Contrarian Investments
Harbour Capital Advisors LLC A8
Execution of Short-interest Strategies focused on timely investment when perception is that the market is “over-bought.” The market increases 2/3 of the time. This means that there are times when the market is under pressure. Short-interest prospers in such times and allows for greater conviction with the “long” portion of the portfolio.
Real over nominal assets: The potential for higher inflation favors real assets and those that are inflation-protected. Commodities are a winner. Precious metals such as Gold and Silver also serve as safe havens in times of market turbulence. Second-derivative investments (miners) should also benefit from elevated metal prices.
Distressed and Deep-value investments have led us to look at opportunities in areas such as Precious Metals and Financial Services companies. These would represent relatively short-term, tactical investments focused on the tendency of the market to over-discount headline news.
While Japan’s economy continues its recovery process and expects limited growth of domestic demand, it has an enormous potential of benefiting from the increasing Asian consumption market, given that Asia now accounts for more than 50% of Japan’s total exports
Hedge against equity Market Volatility by investing in the VIX. In times of market distress and sell-off, markets tend to converge, increasing trading volume.
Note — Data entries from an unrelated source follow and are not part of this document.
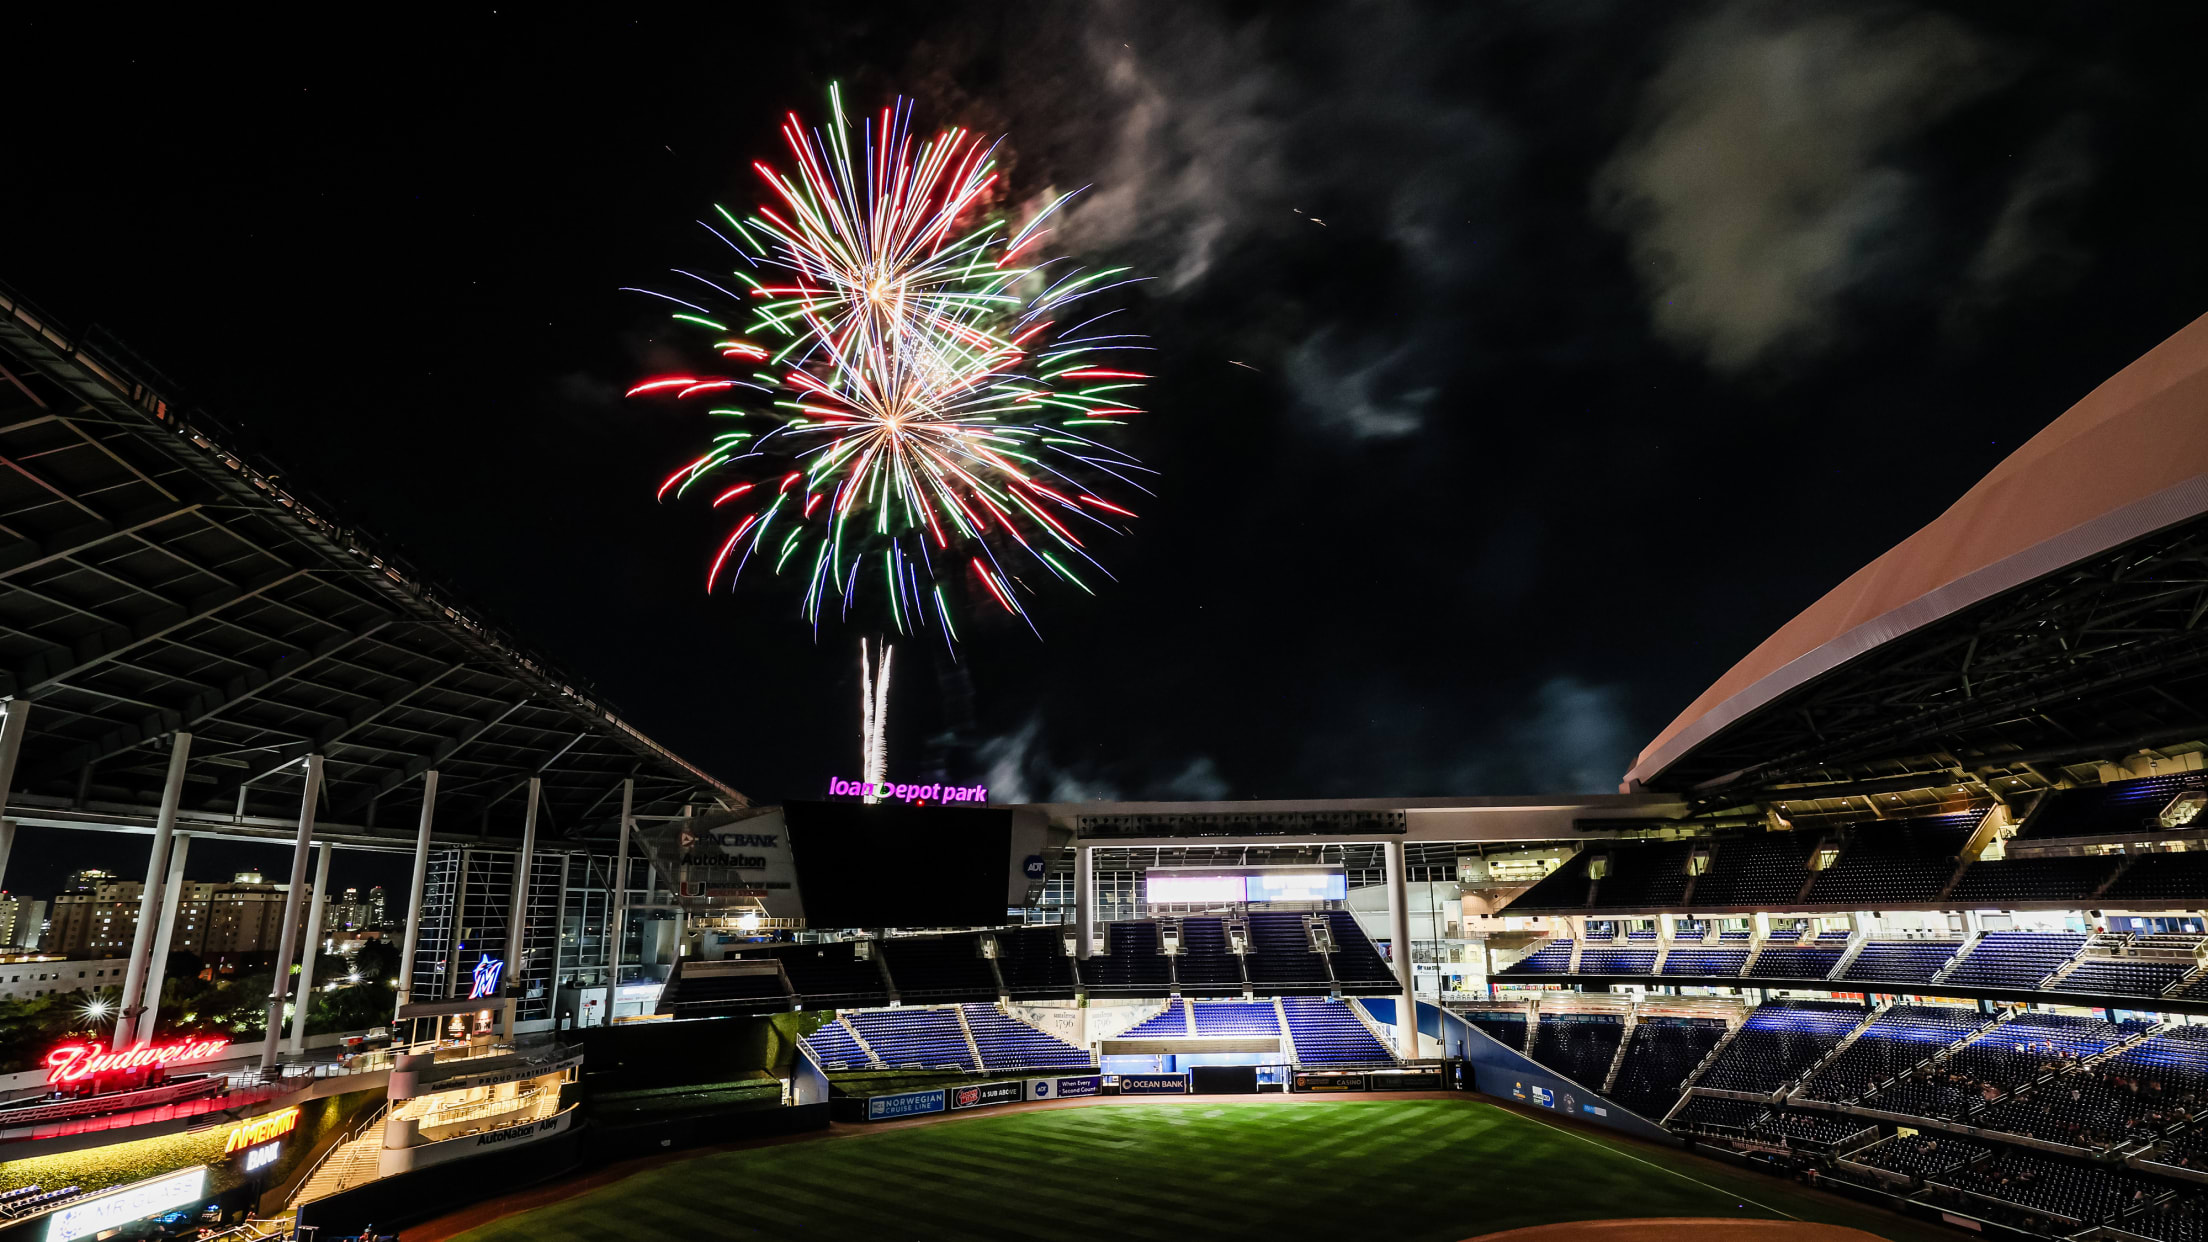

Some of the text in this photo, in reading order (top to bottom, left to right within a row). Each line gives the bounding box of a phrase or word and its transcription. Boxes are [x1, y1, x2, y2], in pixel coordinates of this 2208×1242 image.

[829, 776, 988, 804] loanDepot park
[681, 852, 766, 867] AutoNation
[1028, 862, 1043, 871] ADT
[1055, 1020, 1074, 1029] 1796
[47, 1038, 228, 1083] Budweiser
[478, 1066, 552, 1085] PROUD PARTNERS
[1133, 1080, 1184, 1088] OCEAN BANK
[885, 1093, 943, 1108] NORWEGIAN
[998, 1088, 1018, 1096] ABOVE
[885, 1102, 931, 1115] CRUISE LINE
[225, 1109, 300, 1153] AMERANT
[477, 1118, 559, 1146] AutoNation Alley
[246, 1141, 280, 1171] BANK
[96, 1198, 127, 1217] MR
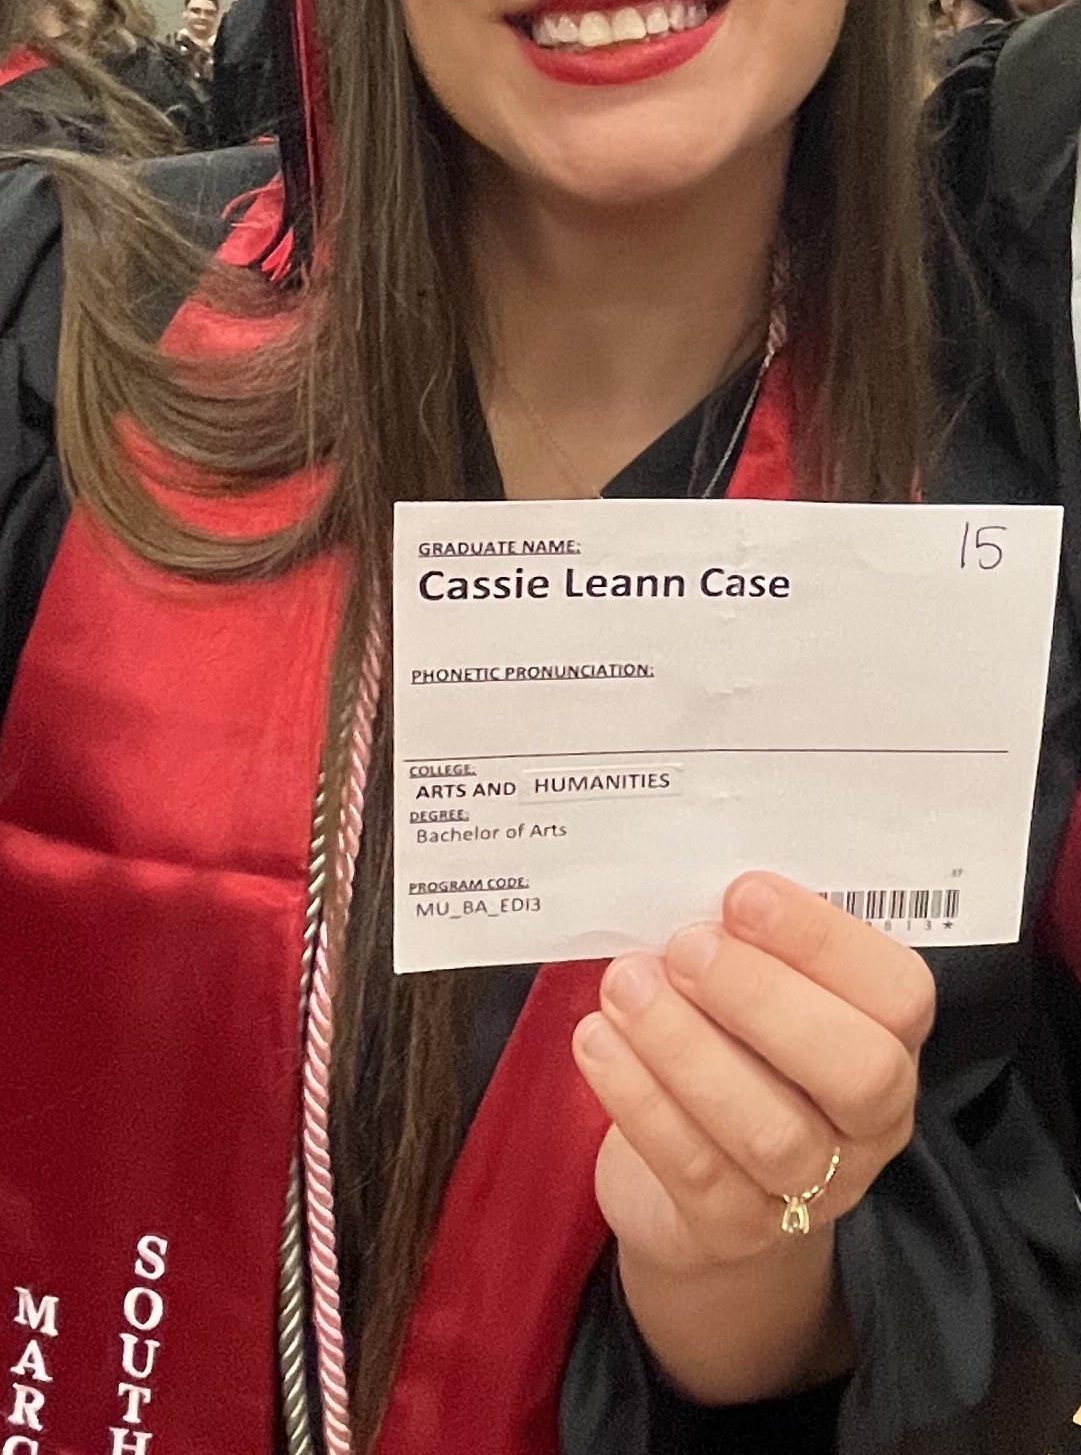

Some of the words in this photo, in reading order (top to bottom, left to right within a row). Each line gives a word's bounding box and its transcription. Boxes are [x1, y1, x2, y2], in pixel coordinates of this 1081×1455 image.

Short the Euro versus the U.S. Dollar: With the unsettled nature of European Sovereign credit, we believe investment in European exporters is appealing, but we would also look to hedge Euro Dollar exposure.
The prices of Natural Gas Companies have plummeted as the commodity has fallen to historical lows. Many believe that natural gas is now significantly undervalued and presents room for sizable upsize.